Na reunião pública de câmara realizada na quarta-feira, o presidente do município, Ricardo Leão, eleito pelo PS, avisou que “é para despejar, ponto final, parágrafo”, um titular de contrato de arrendamento em habitação municipal se for “um criminoso que tenha participado” nos acontecimentos registados em vários bairros periféricos de Lisboa, em reação à morte de Odair Moniz, baleado por um agente policial.
Em declarações à Lusa, Maria João Berhan, da associação pelo direito à habitação e à cidade, sublinhou “a falta de caráter de um município que tem abandonado os bairros municipais”.
Segundo recolhas feitas pela Habita!, no concelho de Loures, as habitações municipais estão “em visível estado de degradação”.
A autarquia, recordou, “é o senhorio daquelas pessoas e entre senhorios e inquilinos há um contrato com direitos e deveres de um lado e de outro”.
Ora, Loures “não cumpre as suas obrigações e resolve vir ameaçar”, o que “é feio e descabido”, qualificou Maria João Berhan, lembrando que a missão da autarquia é zelar por todas as pessoas do concelho.
Porém, relatou, esta não é a primeira vez que isso não acontece, pois o município “tem atropelado completamente os direitos das pessoas” e revelado “não tem qualquer respeito pelas pessoas mais pobres, que vivem nos bairros sociais”.
Ao mesmo tempo, lamentou, “é muito triste, numa altura em que os acontecimentos levaram uma grande parte da sociedade a reconhecer que algo está muito errado na maneira como se segregam populações em bairros com muito poucas condições”.
Os tumultos em vários bairros da Área Metropolitana de Lisboa surgiram na sequência da morte de Odair Moniz, cidadão cabo-verdiano de 43 anos e morador no bairro do Zambujal, na Amadora.
Odair Moniz foi baleado por um agente da PSP na madrugada de 21 de outubro, no bairro da Cova da Moura, no mesmo concelho.
Desde essa altura, ocorreram distúrbios em que foram queimados e vandalizados autocarros, automóveis e caixotes do lixo, somando-se cerca de duas dezenas de detidos e outros tantos suspeitos identificados. Sete pessoas ficaram feridas, uma das quais com gravidade.

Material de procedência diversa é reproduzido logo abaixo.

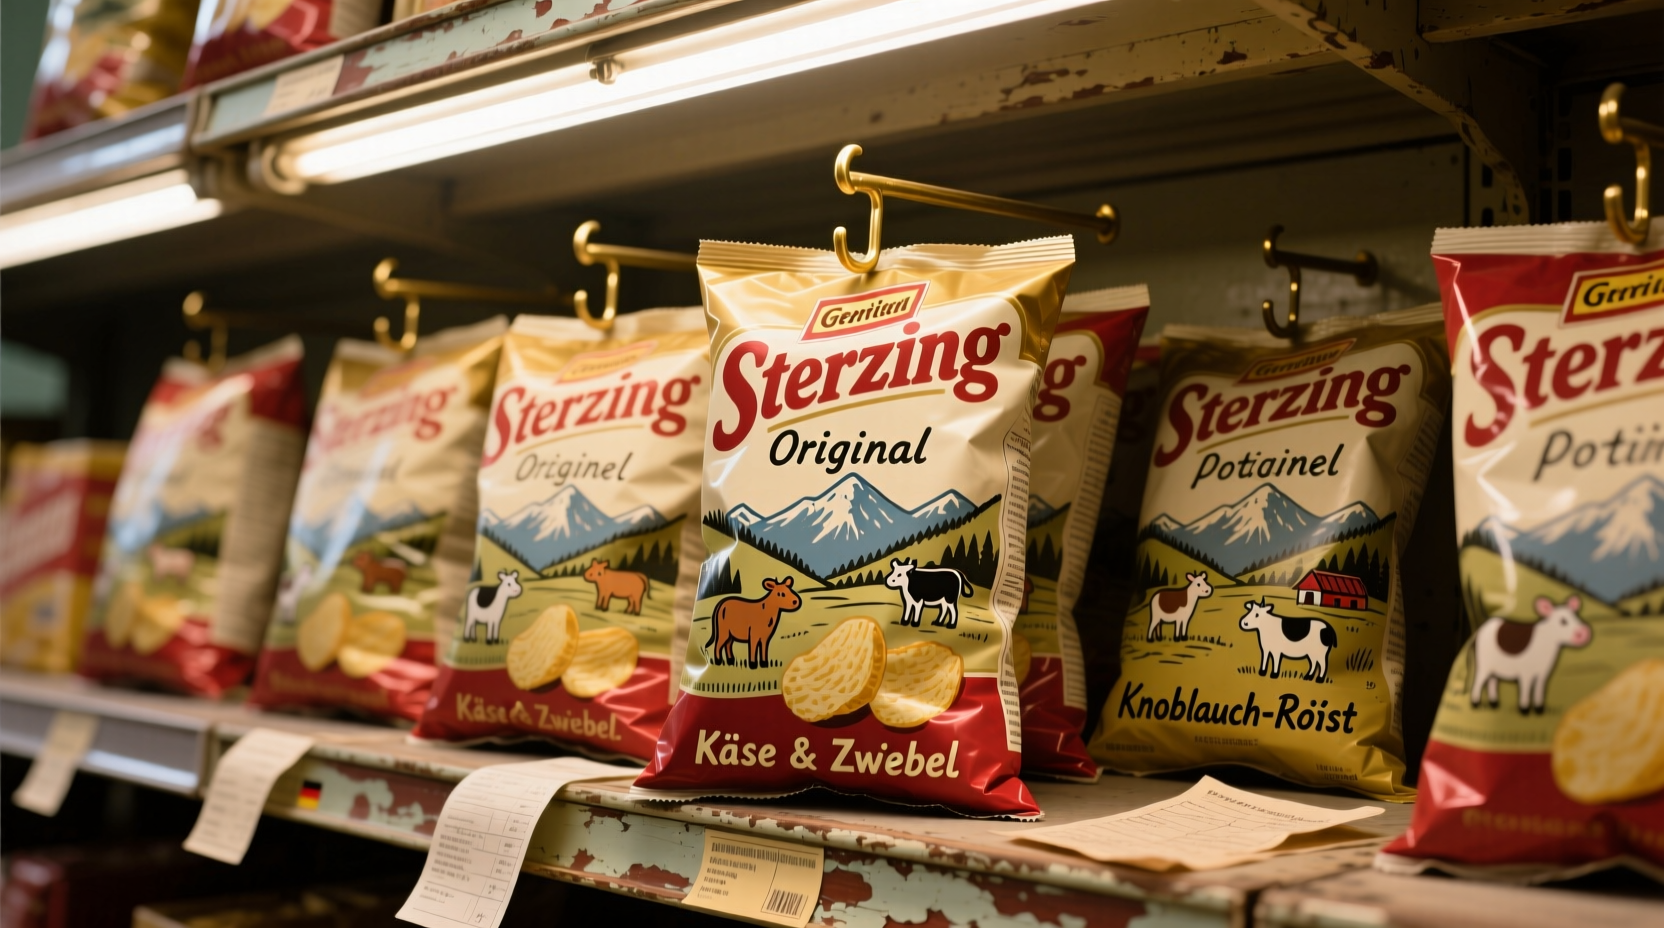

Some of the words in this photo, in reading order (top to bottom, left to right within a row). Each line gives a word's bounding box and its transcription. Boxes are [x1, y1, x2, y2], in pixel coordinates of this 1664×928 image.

[481, 372, 702, 468] Sterzing
[712, 321, 1011, 452] Sterzing
[1153, 364, 1411, 468] Sterzing
[769, 427, 932, 474] Original
[695, 729, 777, 768] Käse
[789, 736, 817, 771] &
[830, 738, 960, 778] Zwiebel

Apesar de tudo, Maria João Berhan vê “abertura para debater” a questão dos bairros periféricos da zona de Lisboa e lamentou que o município de Loures vá “atrás do partido cujos dirigentes têm sido mais sanguinários e até criminosos”, referindo-se ao Chega.
É da autoria do Chega a recomendação aprovada na reunião de câmara de quarta-feira que prevê o despejo de pessoas que cometam crimes.
A recomendação foi aprovada com os votos a favor de PS, PSD e Chega e contra de PCP, sublinhando que a perda do direito à habitação seria “uma dupla discriminação”.
Face a isto, a Habita! insta o PS – Ricardo Leão é também presidente da distrital de Lisboa – a ter mais atenção às “pessoas que coloca nos sítios”.
Em comunicado divulgado hoje, o autarca socialista esclareceu que só defende o despejo de inquilinos de habitações municipais que tenham sido condenados e o caso transitado em julgado, assegurando que o município “irá sempre cumprir a lei”.
Ainda assim, Maria João Berhan acredita que o sistema jurídico não permitirá que o autarca cumpra a ameaça, recordando que quem decide condenações são os tribunais.
“Eu não sou jurista, mas não creio que dois castigos pelo mesmo crime seja possível”, assinalou.